• _REQUIRED ACTION_
Would you return the listing exactly as written, apart from its pictures?

═══ MATERIAL PROVIDED

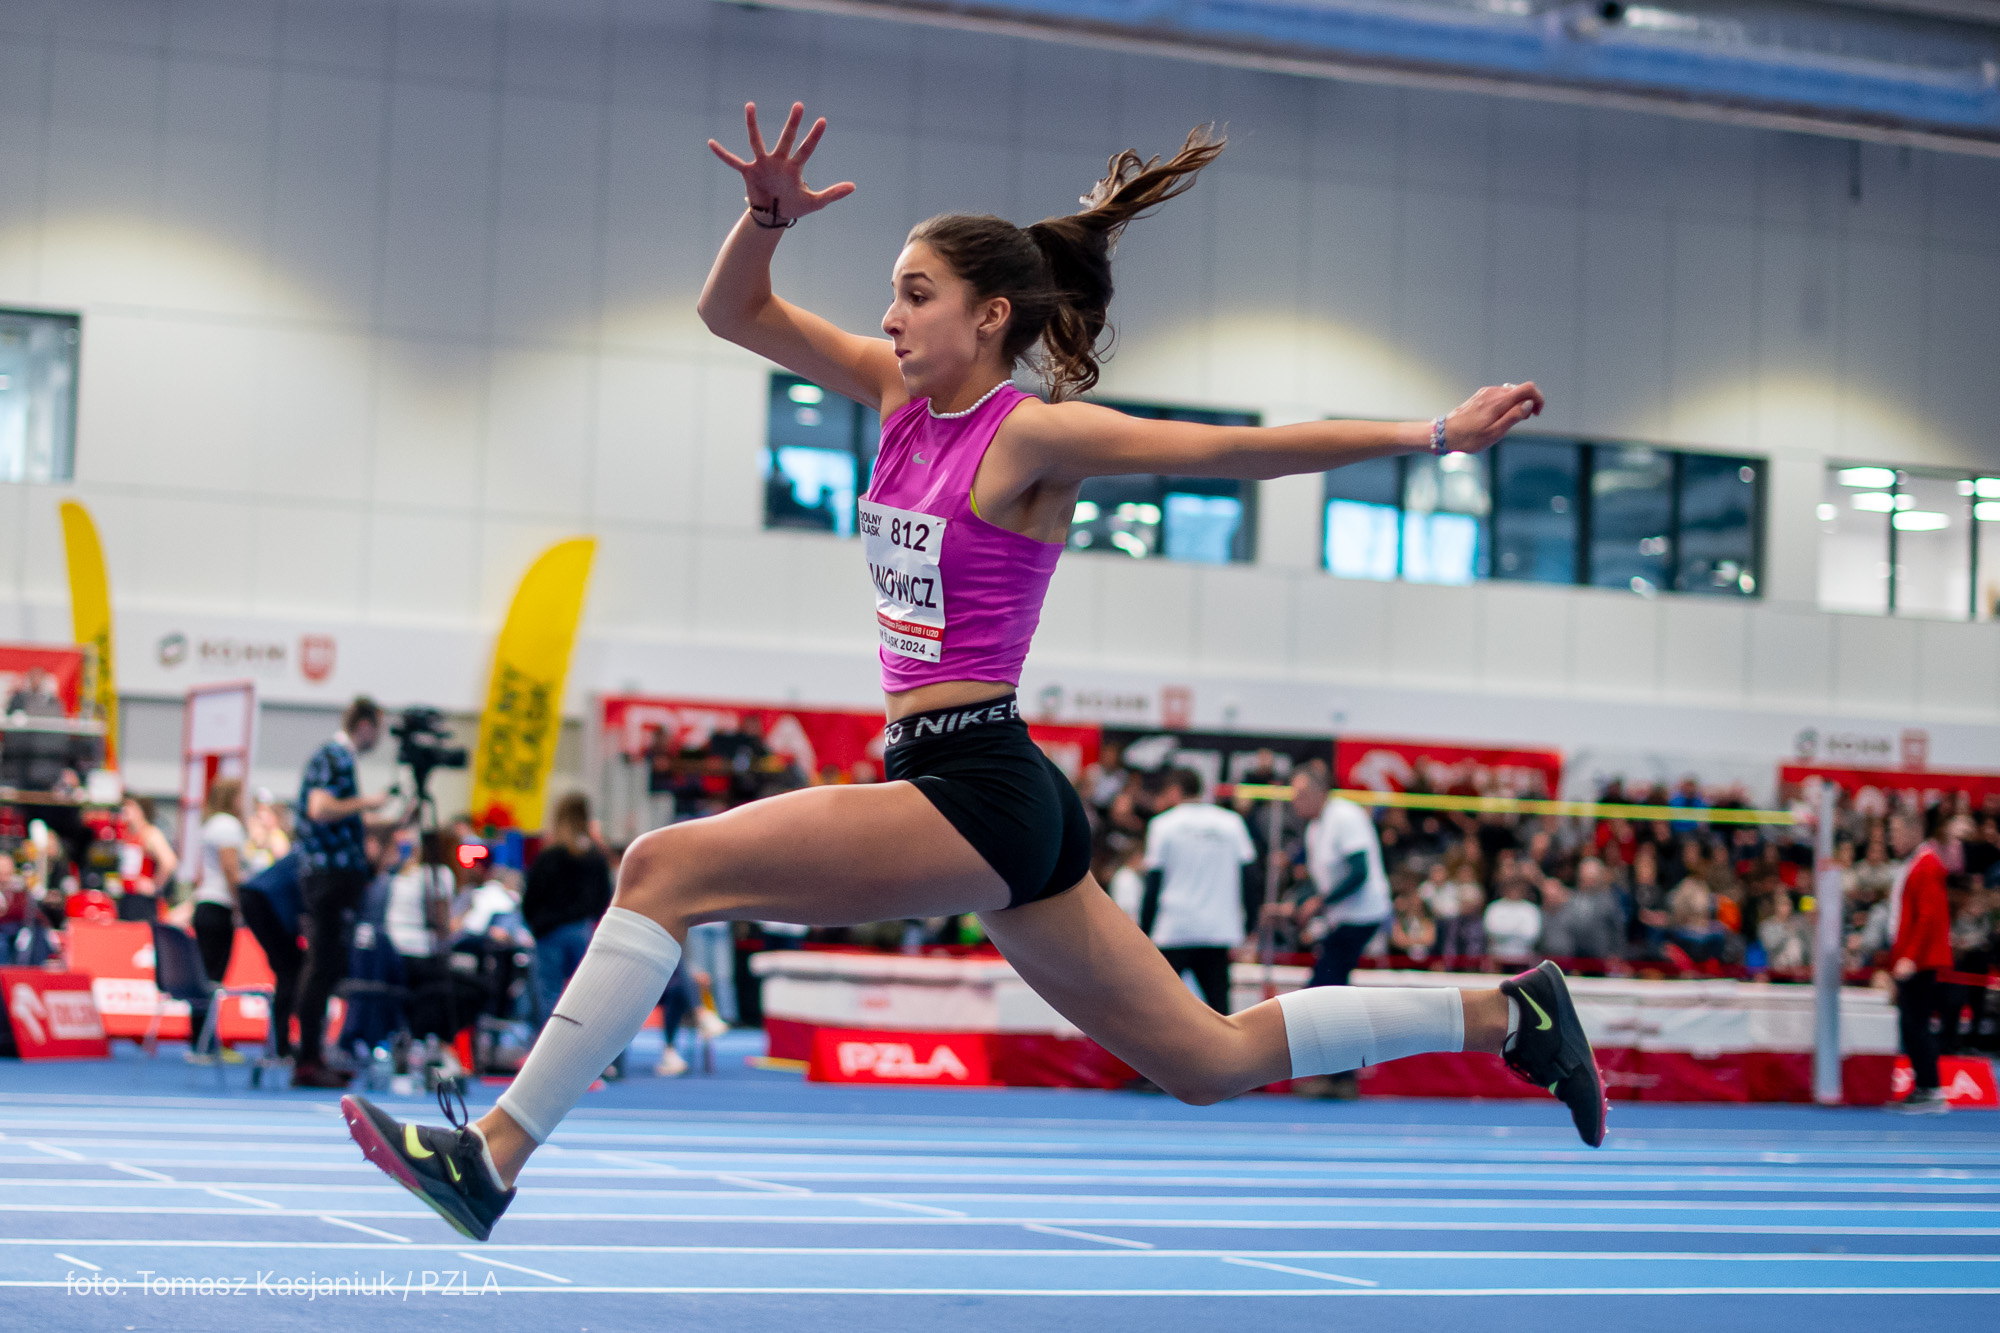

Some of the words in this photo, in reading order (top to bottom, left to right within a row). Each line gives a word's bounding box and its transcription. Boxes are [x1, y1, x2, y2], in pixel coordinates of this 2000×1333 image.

[891, 517, 930, 552] 812
[900, 639, 926, 655] 2024
[914, 703, 1007, 738] NIKE
[838, 1042, 969, 1080] PZLA

══════

• _EXPECTED ANSWER_
Some of the words in this photo, in reading order (top to bottom, left to right within a row). Each line gives a word's bounding box and its transcription. Boxes are [x1, y1, x2, y2], in pixel coordinates of this 2000×1333 image.

[891, 517, 930, 552] 812
[900, 639, 926, 655] 2024
[914, 703, 1007, 738] NIKE
[838, 1042, 969, 1080] PZLA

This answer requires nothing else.